US stocks slide 3% as recession fears grip markets

New York — Wall Street sold off sharply on Wednesday as recession fears gripped the market after the US Treasury yield curve temporarily inverted for the first time in 12 years.

All three major US indexes closed down about 3%, with the blue-chip Dow posting its biggest one-day point drop since October after 2-year Treasury yields surpassed those of 10-year bonds, which is considered a classic recession signal.

The Dow Jones Industrial Average fell 800.49 points, or 3.05%, to 25,479.42, the S&P 500 lost 85.72 points, or 2.93%, to 2,840.6, and the Nasdaq Composite dropped 242.42 points, or 3.02%, to 7,773.94.

Over 300 of the S&P 500’s components are down 10% or more from their 52-week highs, according to Refinitiv data.
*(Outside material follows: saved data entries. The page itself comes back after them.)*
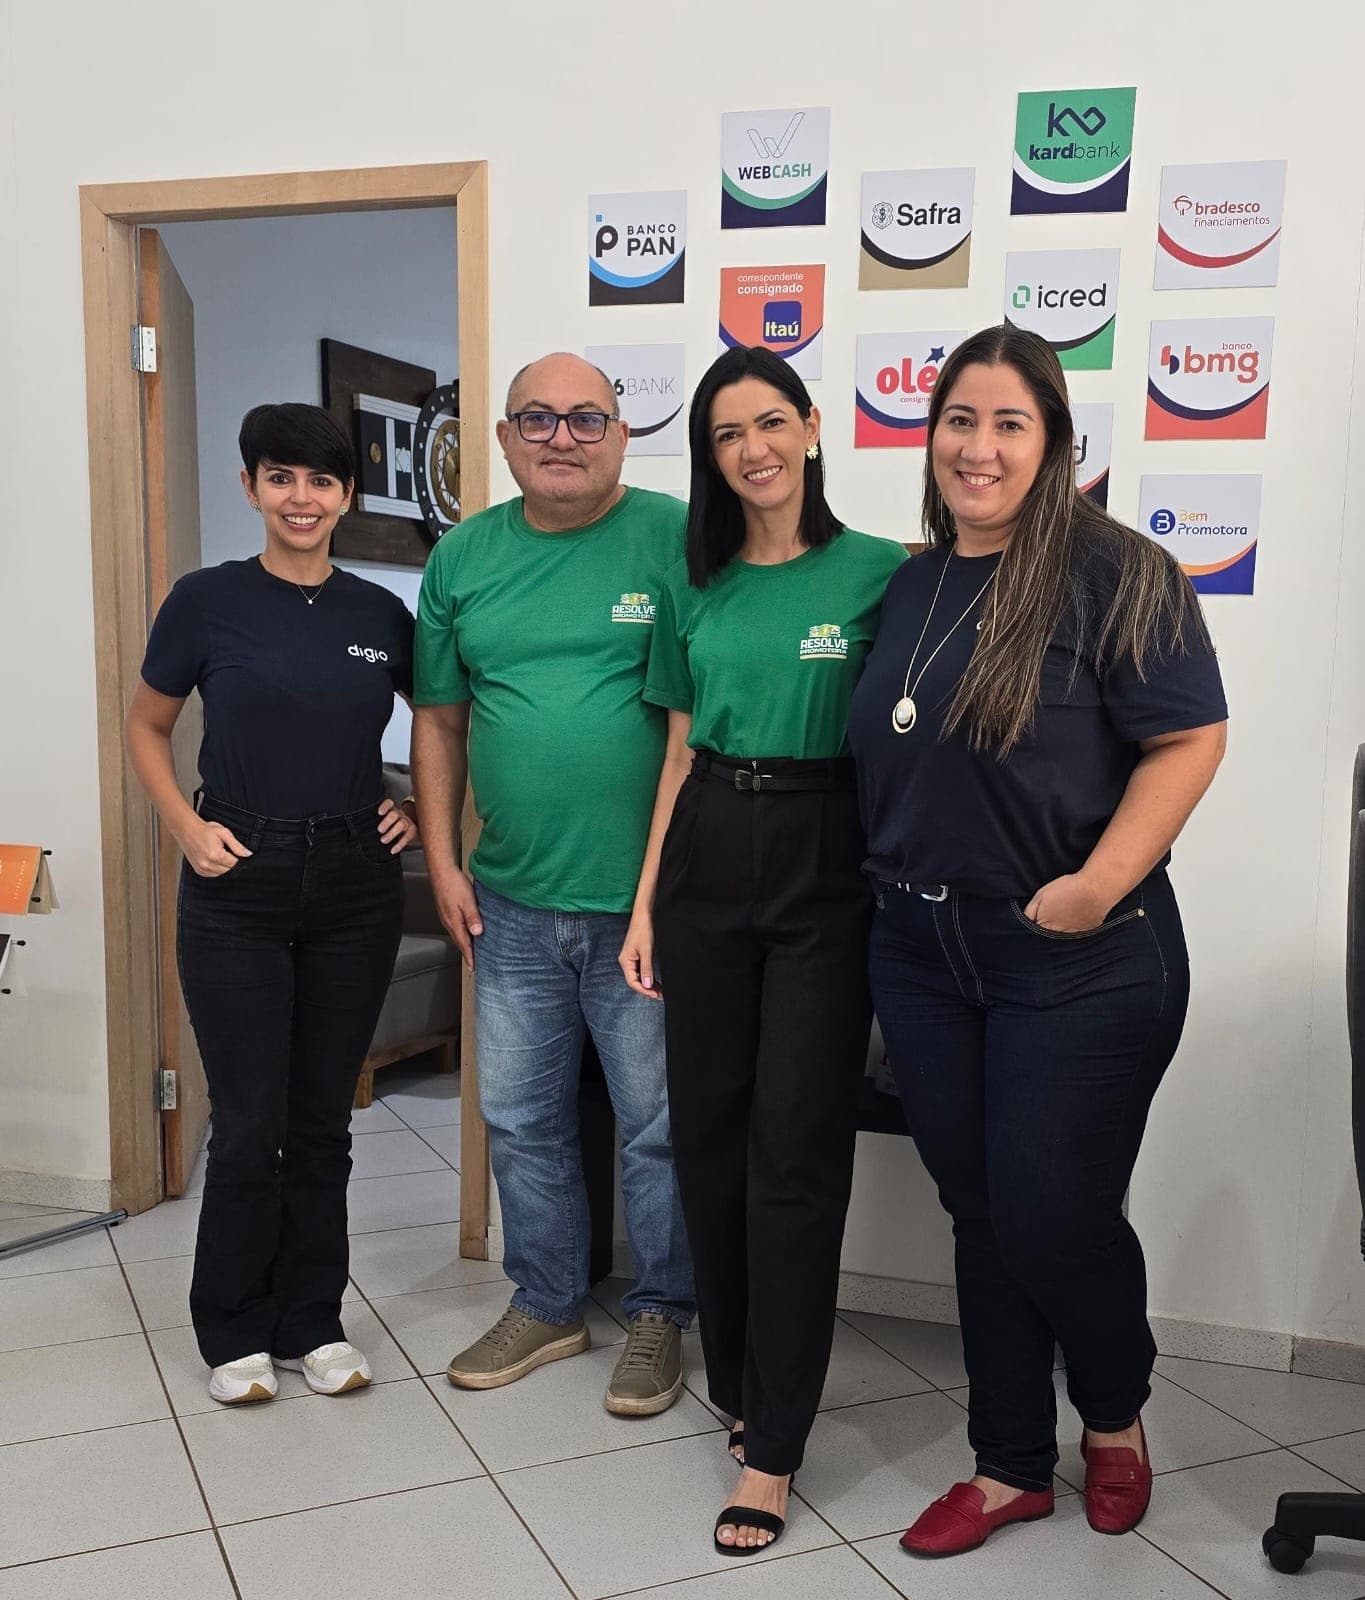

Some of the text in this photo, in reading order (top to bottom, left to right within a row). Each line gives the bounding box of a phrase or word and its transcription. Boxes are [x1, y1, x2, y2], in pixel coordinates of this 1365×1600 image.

[1029, 141, 1121, 160] kardbank
[738, 162, 812, 180] WEBCASH
[896, 202, 961, 226] Safra
[1195, 201, 1260, 215] bradesco
[1194, 216, 1270, 228] financiamentos
[627, 223, 676, 235] BANCO
[627, 236, 675, 256] PAN
[737, 272, 804, 283] correspondente
[737, 284, 804, 296] consignado
[1037, 283, 1107, 309] icred
[765, 321, 799, 337] Itaú
[1222, 342, 1252, 351] banco
[1183, 345, 1259, 384] bmg
[1178, 510, 1208, 521] Bem
[1178, 523, 1248, 535] Promotora
[612, 605, 656, 615] RESOLVE
[800, 637, 849, 650] RESOLVE
[347, 643, 389, 663] digio
More than 180 of those stocks have fallen more than 20% from their 52-week highs, putting them in bear market territory.

All of the 11 major sectors in the S&P 500 closed in negative territory, with energy, financials, materials, consumer discretionary and communications services all falling 3% or more.

Interest rate-sensitive banks tumbled 4.3%.
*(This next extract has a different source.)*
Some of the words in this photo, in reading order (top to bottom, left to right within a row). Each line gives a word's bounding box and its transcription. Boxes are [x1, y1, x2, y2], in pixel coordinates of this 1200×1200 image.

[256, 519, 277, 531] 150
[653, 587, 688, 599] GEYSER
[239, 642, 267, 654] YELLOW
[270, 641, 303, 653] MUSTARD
President Donald Trump once again blamed the Fed for the economic woes and the yield curve inversion, saying the US central bank is a bigger threat than China and is “clueless”.
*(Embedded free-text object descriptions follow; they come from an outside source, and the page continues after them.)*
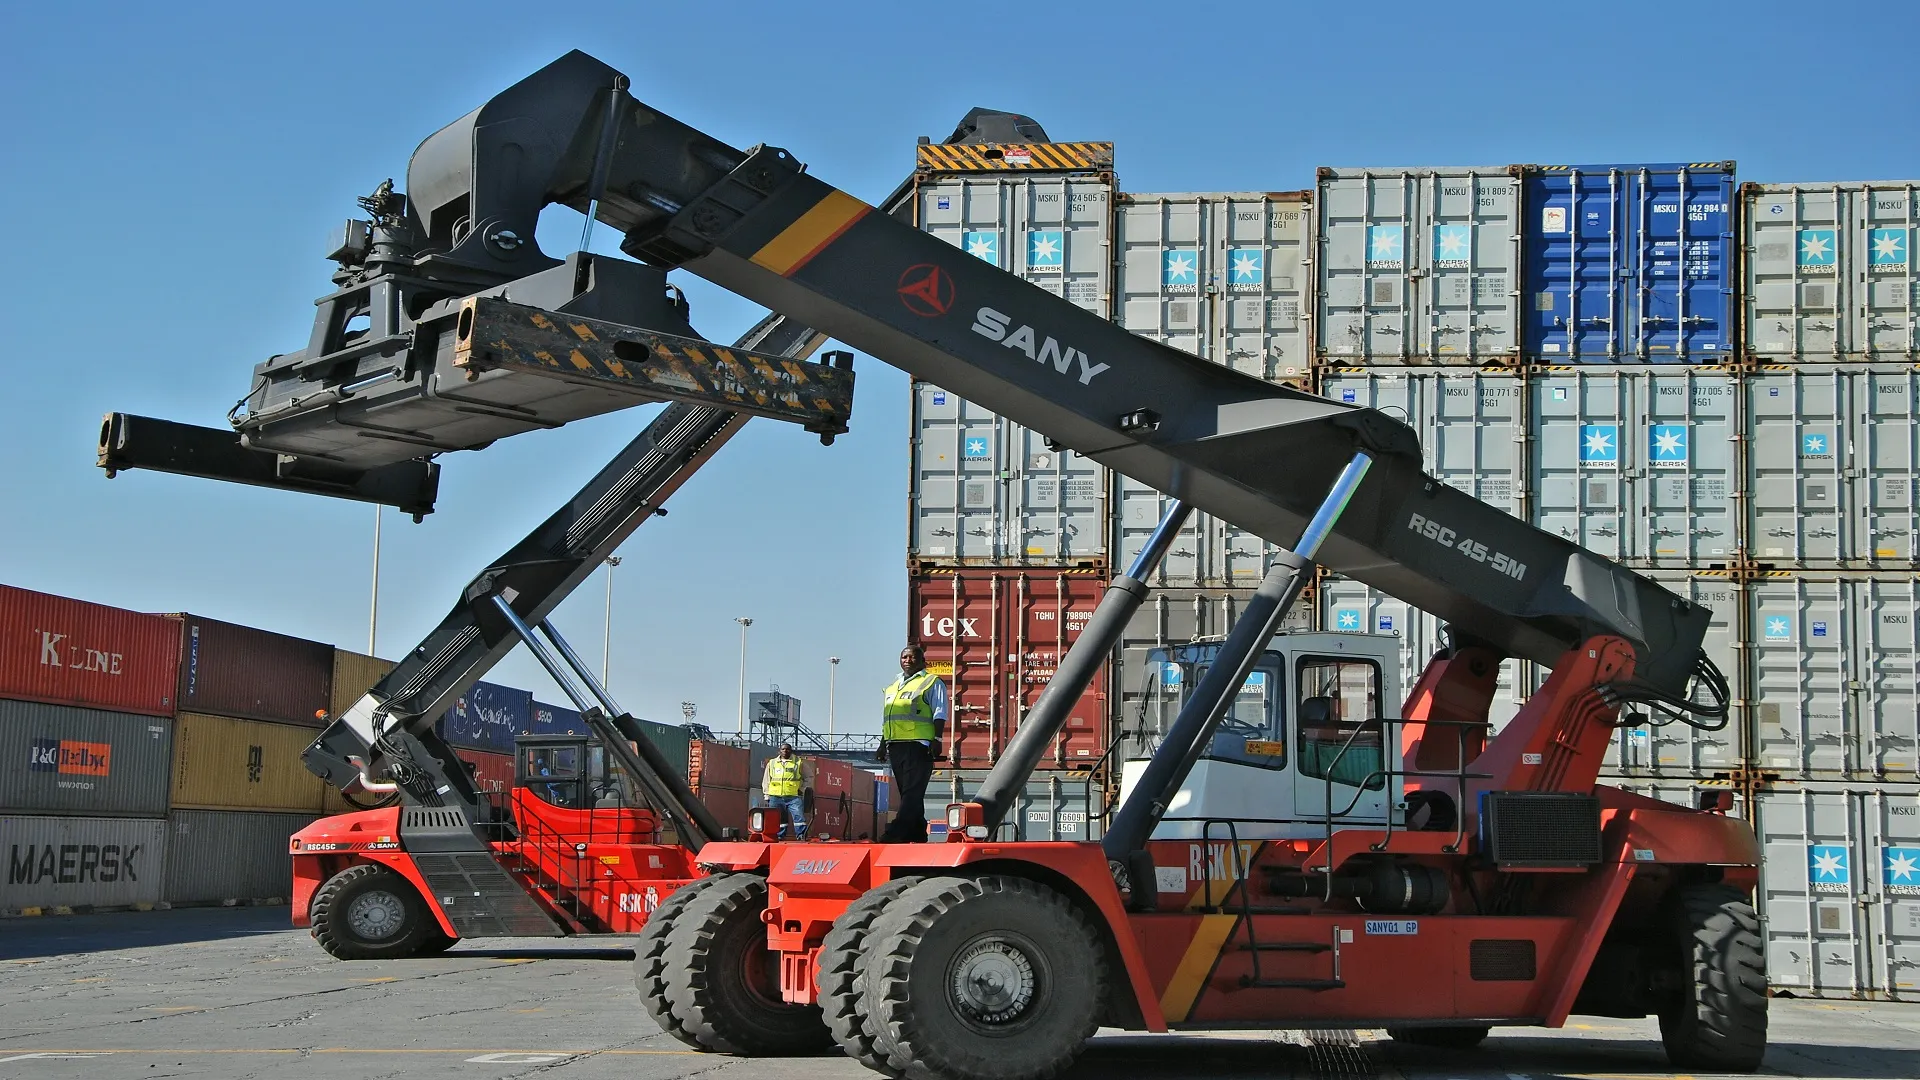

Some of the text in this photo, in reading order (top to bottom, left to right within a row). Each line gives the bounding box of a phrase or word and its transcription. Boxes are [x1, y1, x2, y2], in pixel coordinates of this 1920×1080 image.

[1445, 187, 1467, 196] MSKU
[1476, 187, 1491, 196] 891
[1493, 187, 1507, 195] 809
[1037, 194, 1059, 202] MSKU
[1068, 194, 1082, 202] 024
[1083, 194, 1097, 202] 505
[1476, 198, 1495, 206] 45G1
[1067, 204, 1086, 212] 45G1
[1653, 204, 1677, 213] MSKU
[1687, 205, 1702, 213] 042
[1704, 205, 1719, 213] 984
[1879, 201, 1902, 210] MSKU
[1238, 213, 1259, 221] MSKU
[1268, 213, 1283, 221] 877
[1284, 213, 1299, 221] 669
[1687, 213, 1707, 221] 45G1
[1268, 221, 1287, 229] 45G1
[971, 306, 1111, 386] SANY
[1447, 388, 1468, 396] MSKU
[1479, 388, 1493, 396] 070
[1496, 388, 1511, 396] 771
[1660, 387, 1683, 396] MSKU
[1692, 387, 1707, 396] 977
[1708, 387, 1722, 396] 005
[1481, 399, 1498, 407] 45G1
[1692, 398, 1711, 406] 45G1
[1408, 512, 1527, 581] RSC 45-5M
[1712, 593, 1726, 601] 155
[1035, 611, 1093, 621] TGHU 798909
[1302, 611, 1307, 619] 8
[1883, 615, 1907, 623] MSKU
[1065, 622, 1084, 631] 45G1
[70, 646, 123, 675] LINE
[31, 746, 57, 764] P&O
[1891, 806, 1916, 815] MSKU
[1029, 812, 1048, 821] PONU
[1057, 812, 1085, 821] 766091
[1057, 823, 1076, 832] 45G1
[307, 843, 336, 851] RSC45C
[8, 844, 140, 885] MAERSK
[1189, 843, 1226, 881] RSK
[791, 859, 841, 875] SANY
[619, 893, 642, 913] RSK
[1366, 922, 1417, 933] SANY01 GP
Dire economic data from China and Germany suggested a faltering global economy, stricken by the increasingly belligerent US-China trade war, Brexit woes and geopolitical tensions.

Germany reported a contraction in second-quarter gross domestic product, and China’s industrial growth in July hit a 17-year low.

“It was all negative and not much positive today,” said Chuck Carlson, chief executive officer at Horizon Investment Services in Hammond, Indiana. “We’re outside of the earnings season and markets are being batted around by news.

“It’s a reactionary market right now and probably will continue to be,” Carlson said.

Wednesday was the first time that yields for 2-year and 10-year Treasuries had inverted since June 2007, months before the onset of the great recession, which crippled markets for years.

The US yield curve has inverted before every recession in the past 50 years.

“It could be different this time,” Carlson said. “When you’ve got $15-trillion in global government debt at negative yields, that’s a new animal.

“Even if it is accurate in foreshadowing a recession, that doesn’t mean it’s coming tomorrow,” he added.

The CBOE volatility index, a gauge of investor anxiety, jumped 4.58 points to 22.10.

Macy’s shares plunged 13.2% after the department store operator missed quarterly profit estimates and cut its full-year earnings estimates.

Rival department store operators Nordstrom   and Kohls   slid 10.6% and 11%, respectively.